Acts 19:5 Parallel Verses [⇓ See commentary ⇓]

Acts 19:5, NIV: "On hearing this, they were baptized in the name of the Lord Jesus."

Acts 19:5, ESV: "On hearing this, they were baptized in the name of the Lord Jesus."

Acts 19:5, KJV: "When they heard this, they were baptized in the name of the Lord Jesus."

Acts 19:5, NASB: "When they heard this, they were baptized in the name of the Lord Jesus."

Acts 19:5, NLT: "As soon as they heard this, they were baptized in the name of the Lord Jesus."

Acts 19:5, CSB: "When they heard this, they were baptized into the name of the Lord Jesus."

What does Acts 19:5 mean? [⇑ See verse text ⇑]

The twelve men in Ephesus are devout followers of the message of John the Baptist. They understand that they are sinners, that their sin is an insult to God, and that they need to follow God more closely. To that end, they received "the baptism of John," meaning, they publicly announced they that agreed with John's message and resolved to live according to his teaching (Acts 19:1–4).

Now, Paul has explained that the man whom John promised would baptize "with the Holy Spirit and fire" (Luke 3:16) is Jesus of Nazareth. John taught that people needed to follow God by obeying Him. Jesus taught that no one could earn God's forgiveness on their own. Jesus died as the perfect sacrifice, paying for the sin of the world. He rose from the dead in an affirmation that God accepted His sacrifice (1 Corinthians 15:14–19). Those who entrust Him for the forgiveness of their sins receive the Holy Spirit as a seal of their salvation (Ephesians 1:13–14; 4:30).

To be baptized in Jesus' "name" means to publicly submit to His message and authority. It doesn't mean the sounds that we use to identify Jesus are a magical spell. To be baptized in Jesus' name does not contradict Jesus' command to be baptized in the name of the Father, Son, and Holy Spirit (Matthew 28:19). The men had already been baptized by John; they know who God is. They need to add Jesus to their understanding and loyalties.

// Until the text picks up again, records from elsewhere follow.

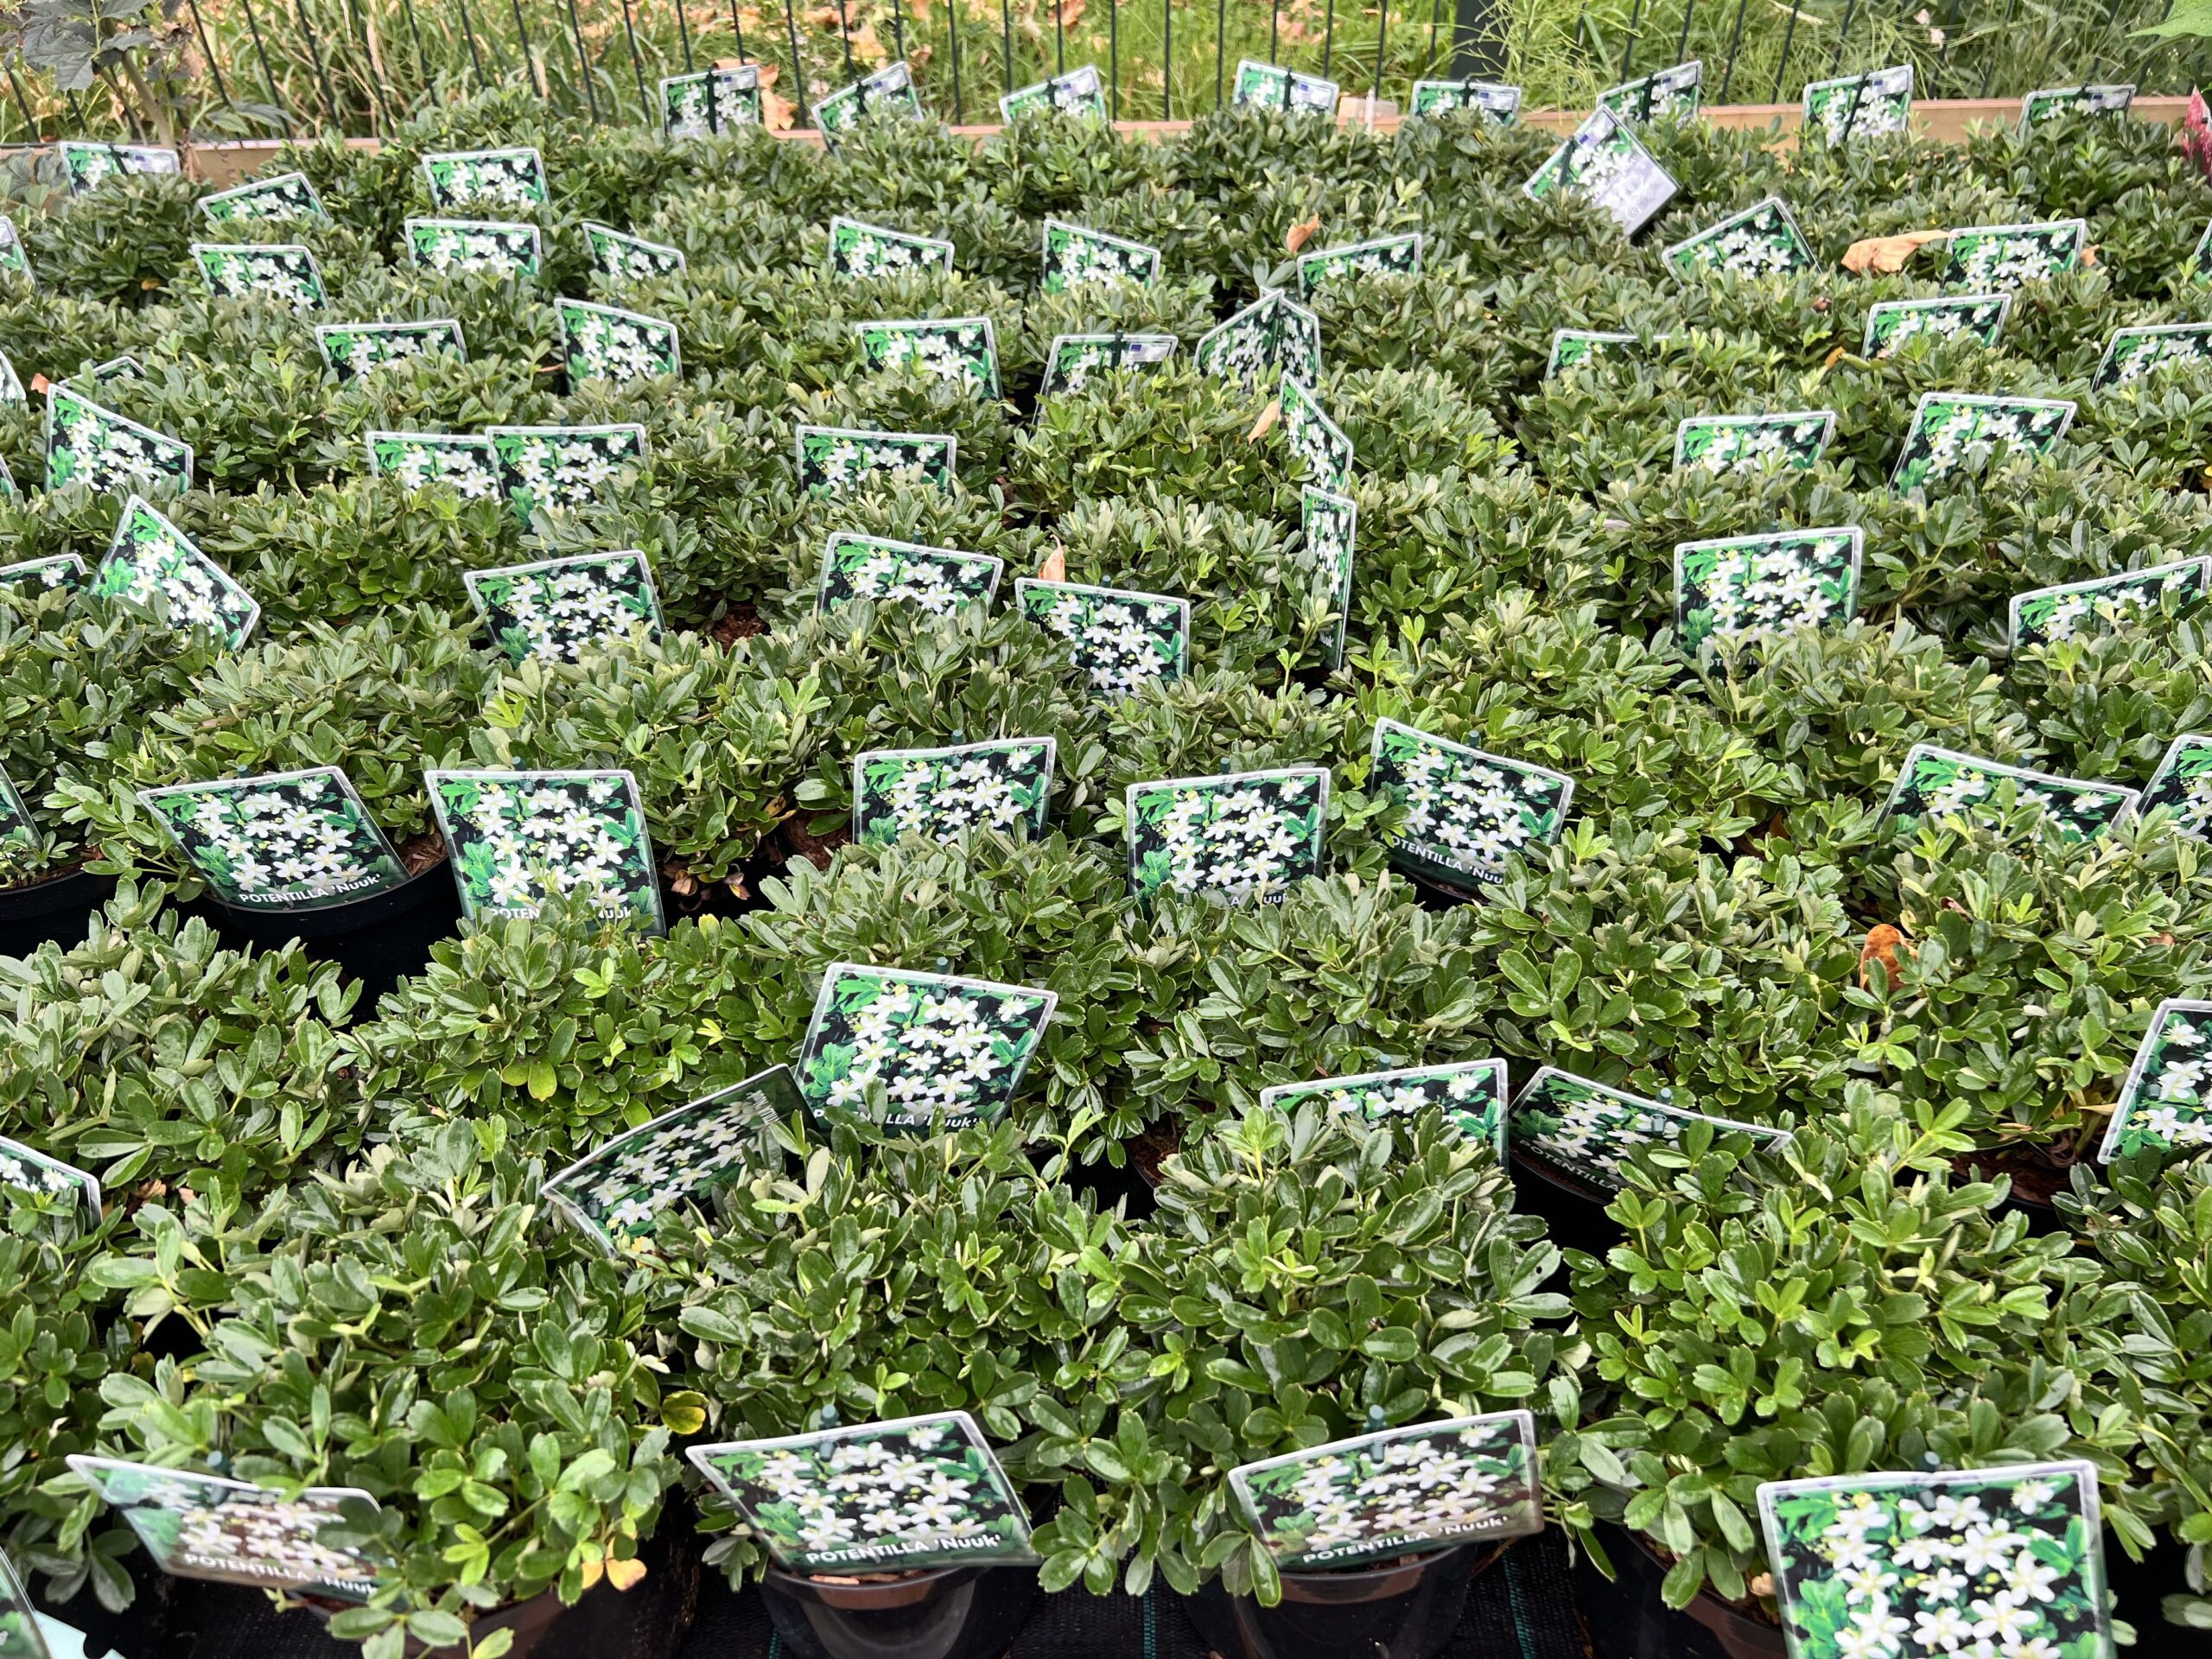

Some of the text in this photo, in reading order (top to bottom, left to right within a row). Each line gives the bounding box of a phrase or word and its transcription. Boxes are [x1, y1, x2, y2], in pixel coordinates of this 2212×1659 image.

[1381, 833, 1463, 872] OTENTILLA
[238, 874, 381, 904] POTENTILLA 'Nuuk'
[1519, 1140, 1619, 1192] POTENTILLA
[805, 1534, 1001, 1565] POTENTILLA 'Nuuk'
[1302, 1516, 1509, 1563] POTENTILLA 'Nuuk'
[183, 1553, 312, 1582] POTENTILLA
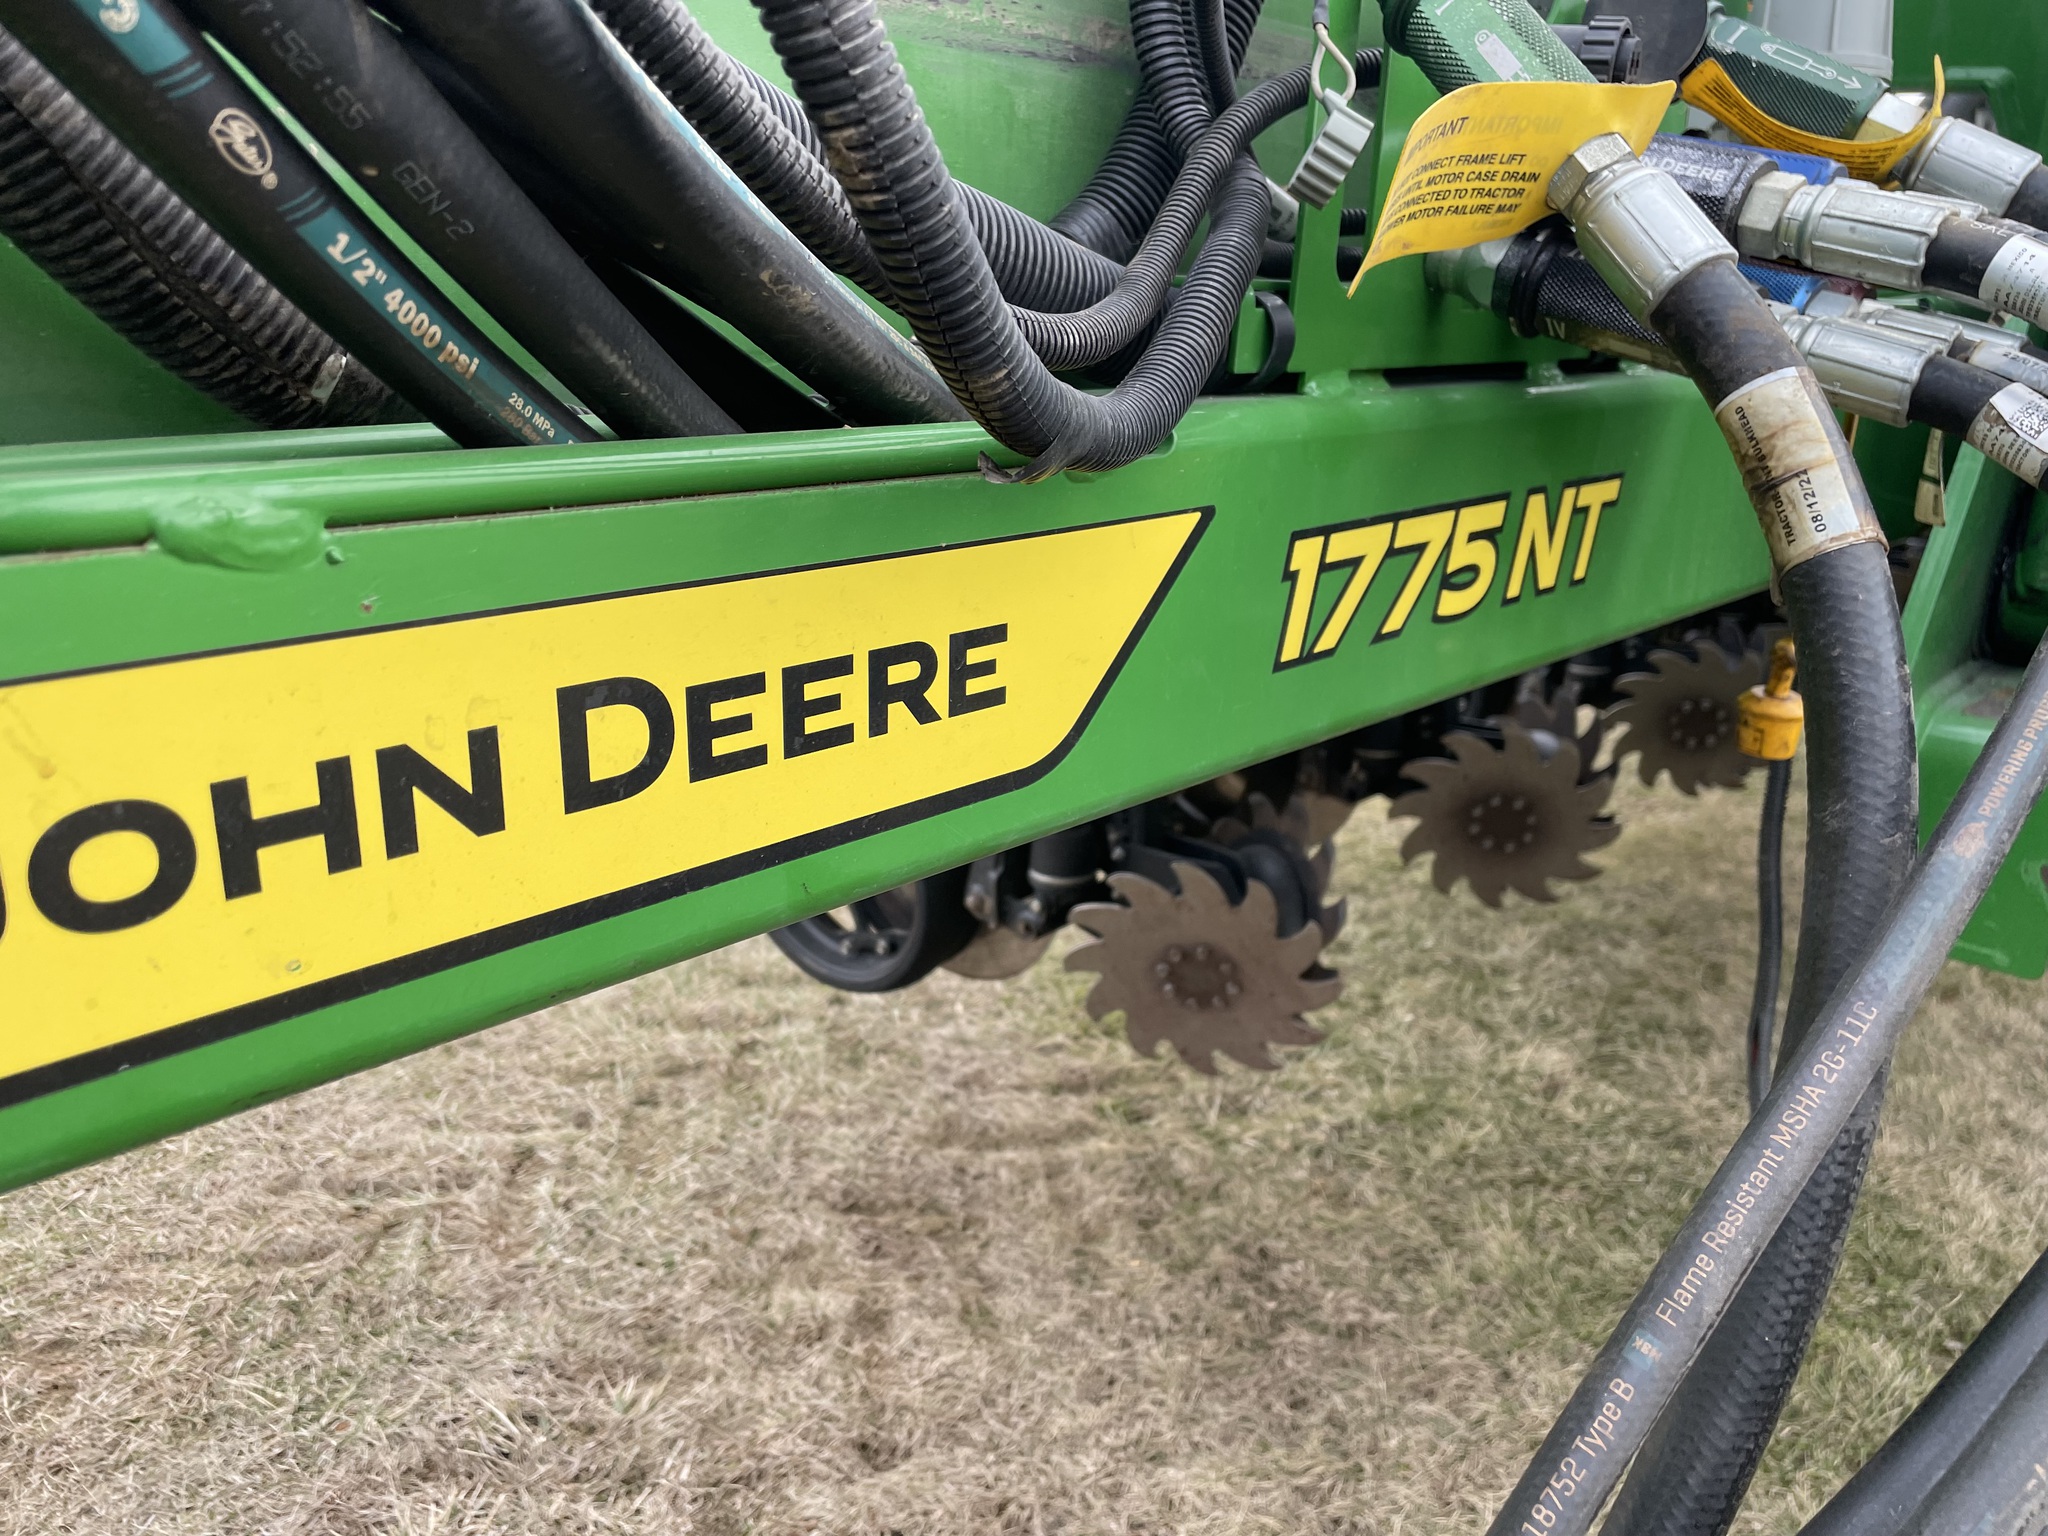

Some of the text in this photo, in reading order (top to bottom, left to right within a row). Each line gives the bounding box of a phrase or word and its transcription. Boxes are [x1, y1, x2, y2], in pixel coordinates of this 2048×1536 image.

[1424, 171, 1463, 189] MOTOR
[1466, 170, 1497, 184] CASE
[1500, 171, 1541, 183] DRAIN
[1456, 153, 1498, 167] FRAME
[1499, 153, 1527, 166] LIFT
[1660, 158, 1729, 182] DEERE
[1406, 203, 1443, 222] MOTOR
[1444, 203, 1495, 216] FAILURE
[1495, 203, 1521, 215] MAY
[1452, 188, 1467, 200] TO
[1469, 187, 1526, 199] TRACTOR
[326, 231, 481, 381] 1/2" 4000 psi
[508, 392, 556, 438] 28.0 MPa
[1734, 405, 1768, 464] BULKHEAD
[1274, 473, 1624, 672] 1775 NT
[0, 622, 1009, 938] OHN DEERE
[1977, 739, 2034, 818] POWERING
[1655, 1253, 1715, 1328] Flame
[1701, 1147, 1785, 1256] Resistant
[1769, 1084, 1827, 1150] MSHA
[1521, 1376, 1636, 1536] 18752 Type B

The sequence here seems a bit backward; first Paul baptizes them, and then they receive the Holy Spirit (Acts 19:6). This is the same sequence Philip saw in Samaria (Acts 8:12, 14–17). It should be noted that ancient writers, even those making orderly accounts, did not always focus on exact chronology. The greater focus in any story was ensuring all the major elements were recorded. Today, "credobaptism" is the standard. That is, people should be baptized after they have decided to follow Christ and can verbalize what they believe. We don't know the particulars, here. Paul didn't usually baptize his own converts (1 Corinthians 1:14–17). He may have assistants who baptize the men before he lays hands on them.

In the early part of the spread of the church, most of the new believers were either Jews or Gentiles who attended the Jewish synagogue and followed the Jewish God. When they came to an understanding and acceptance of Jesus' offer of salvation, they were baptized immediately (Acts 2:41; 8:12, 36–38; 9:18; 10:47–48; 16:15, 33; 19:5). Since these men had received the baptism of John, they know the basics. Today, people often become Christians and receive the Holy Spirit with less understanding of who Jesus is and who the Trinity is. Baptism typically follows a time of instruction. In that way, the new believers publicly align themselves as a Christian and the church publicly accepts them when they understand what being a Christian really means.